The only time I "lost" a bag was when my flight arrived at an airport a little ahead of time and was able to switch to an earlier connecting flight home instead of killing three hours at the airport. My bag didn't make it onto the early flight and ended up at the airline's luggage jail until I picked it up the next day.
[petronski ducks...]
Your real name wouldn't by chance be Gaylord Focker, would it?
A few other times, we've found our bags in the "lockup" versus the baggage carousel, since the airlines would send the luggage out on an earlier flight. You'd hope that they would at least advise the traveler that this possibility exists, but they don't.

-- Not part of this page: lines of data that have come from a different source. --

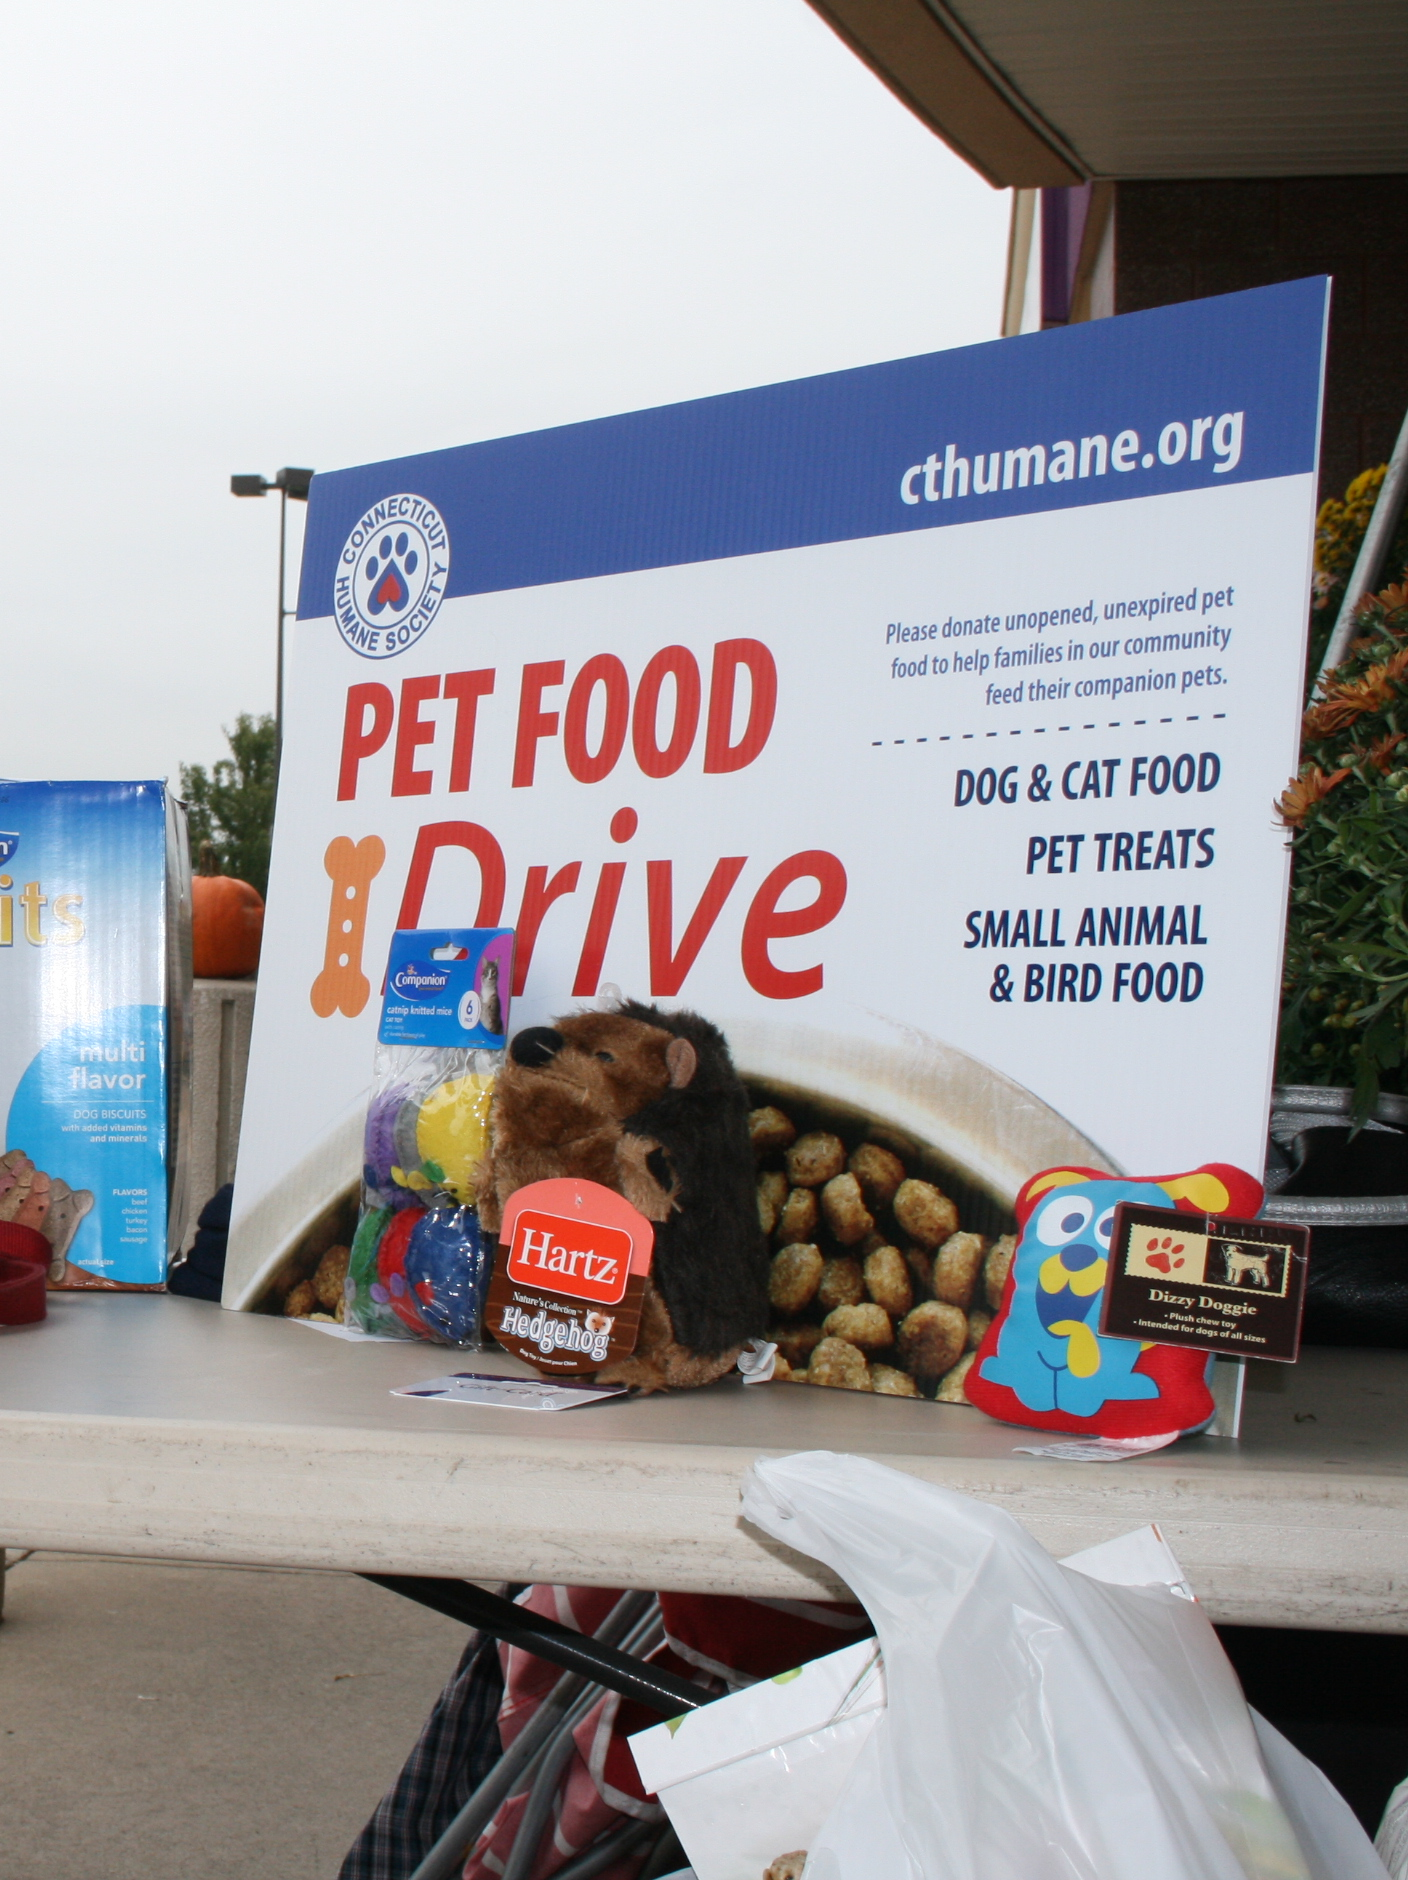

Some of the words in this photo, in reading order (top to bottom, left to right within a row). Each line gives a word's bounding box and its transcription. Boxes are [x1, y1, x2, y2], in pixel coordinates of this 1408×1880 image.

[900, 411, 1244, 505] cthumane.org
[343, 496, 446, 565] CONNECTICUT
[336, 575, 380, 651] HUMANE
[385, 561, 447, 651] SOCIETY
[886, 622, 938, 644] Please
[942, 615, 1000, 638] donate
[1005, 599, 1099, 634] unopened,
[1104, 587, 1198, 621] unexpired
[1201, 586, 1235, 615] pet
[891, 654, 928, 679] food
[932, 655, 949, 674] to
[953, 649, 990, 676] help
[994, 642, 1063, 669] families
[1067, 639, 1084, 662] in
[1089, 640, 1120, 659] our
[1124, 625, 1232, 652] community
[985, 680, 1024, 706] feed
[1028, 677, 1071, 702] their
[1074, 669, 1177, 700] companion
[1181, 665, 1228, 694] pets.
[336, 667, 496, 802] PET
[511, 637, 778, 788] FOOD
[954, 765, 1019, 807] DOG
[1027, 763, 1053, 803] &
[1061, 758, 1121, 800] CAT
[1129, 751, 1222, 797] FOOD
[1026, 834, 1085, 875] PET
[1094, 827, 1216, 872] TREATS
[380, 806, 848, 1000] Drive
[963, 908, 1066, 949] SMALL
[1074, 904, 1208, 947] ANIMAL
[395, 972, 446, 988] Companion
[989, 963, 1014, 1003] &
[1023, 962, 1103, 1003] BIRD
[1112, 961, 1204, 1003] FOOD
[386, 1005, 409, 1017] catnip
[410, 1004, 436, 1016] knitted
[436, 1006, 452, 1016] mice
[466, 1000, 473, 1015] 6
[79, 1039, 146, 1062] multi
[68, 1066, 147, 1090] flavor
[73, 1109, 98, 1119] DOG
[101, 1109, 147, 1119] BISCUITS
[61, 1124, 80, 1132] with
[82, 1124, 108, 1132] added
[110, 1124, 148, 1132] vitamins
[90, 1134, 106, 1142] and
[108, 1134, 148, 1142] minerals
[112, 1188, 148, 1196] FLAVORS
[131, 1198, 148, 1206] beef
[125, 1217, 148, 1226] turkey
[120, 1236, 148, 1244] sausage
[516, 1227, 618, 1285] Hartz
[512, 1291, 544, 1308] Nature's
[544, 1300, 577, 1316] Collection
[1148, 1288, 1195, 1309] Dizzy
[1199, 1296, 1258, 1316] Doggie
[500, 1306, 610, 1362] Hedgehog
[1138, 1318, 1179, 1332] Intended
[1180, 1324, 1195, 1333] for
[1196, 1326, 1218, 1338] dogs
[1220, 1330, 1230, 1338] of
[1230, 1331, 1242, 1340] all
[1244, 1334, 1267, 1344] sizes
[1169, 1312, 1195, 1322] Plush
[1196, 1316, 1219, 1326] chew
[1221, 1320, 1237, 1330] toy
[519, 1348, 529, 1358] Dog
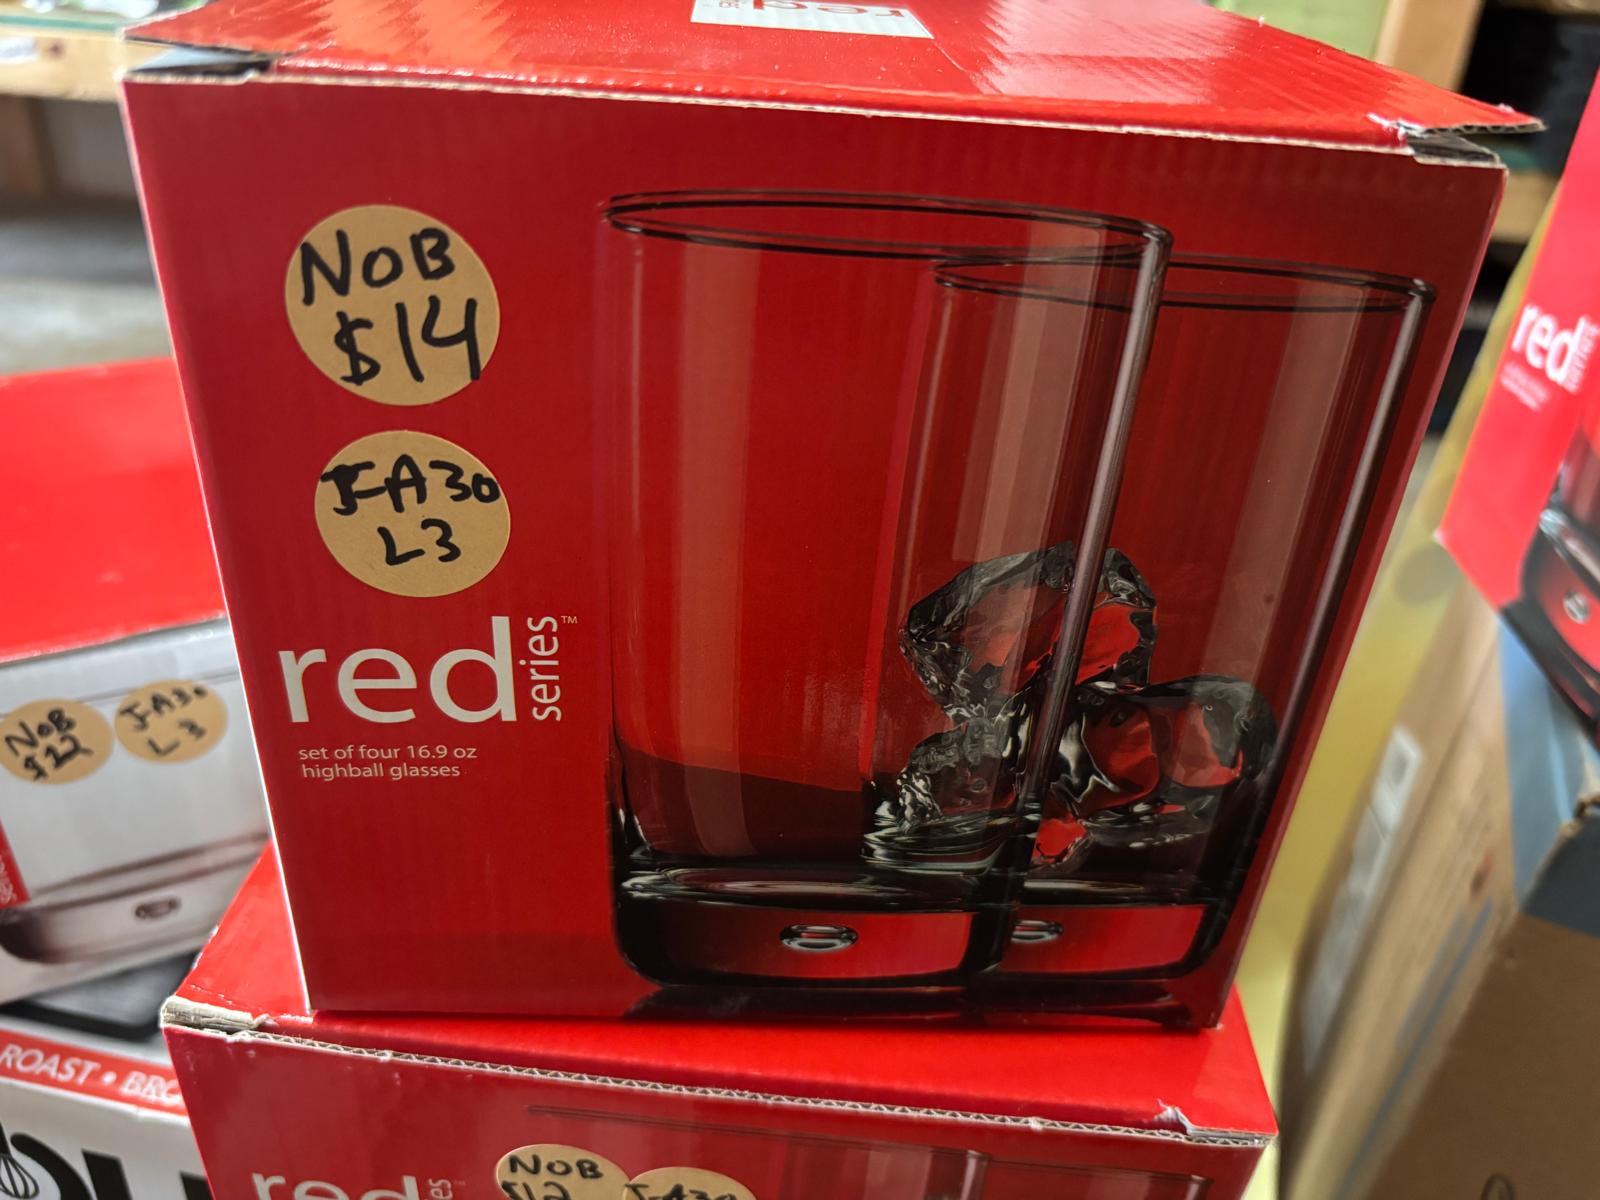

I was on a Quantas flight from LA to Brisbane, Australia last year. We were delayed a few hours in Auckland, New Zealand and my bags arrived in Brisbane before I did.
I discovered this when my bags didn't appear on the baggage claim carosel for my flight. I went to the customer service counter and saw my bags already sitting on one of their shelves.
TM
A couple of years ago, the TSA and baggage handlers at SAX were caught in a sting operation stealing from passengers bags.
Actually, United will tell you precisely that. It beats heck out of sitting near the baggage carousel wondering WTF happened to the bags, or getting meaningless bafflegab from a series of mendacious dolts.
That's kinda like saying, "Man shoots 1000 people. Nine hundered ninety-eight survive."
I am a frequent business traveller (more than 60 flights a year....) and in the last year, I have had my bag lost twice. Once it was returned to me the next day and once it took 3 days.
But I agree wholeheartedly with your argument about carry-on luggage. I see people with bags that could hold a dead body and they are stuffing them into the overhead. And the other issue for me is the number of people who can't count to TWO. TWO bags going on the plane, people.
I think it would be best just to ask polite, leading interrogatories: "If you know that my bags are on a different flight, or stranded back at JFK, you should just tell me that. I'm prepared for that kind of information."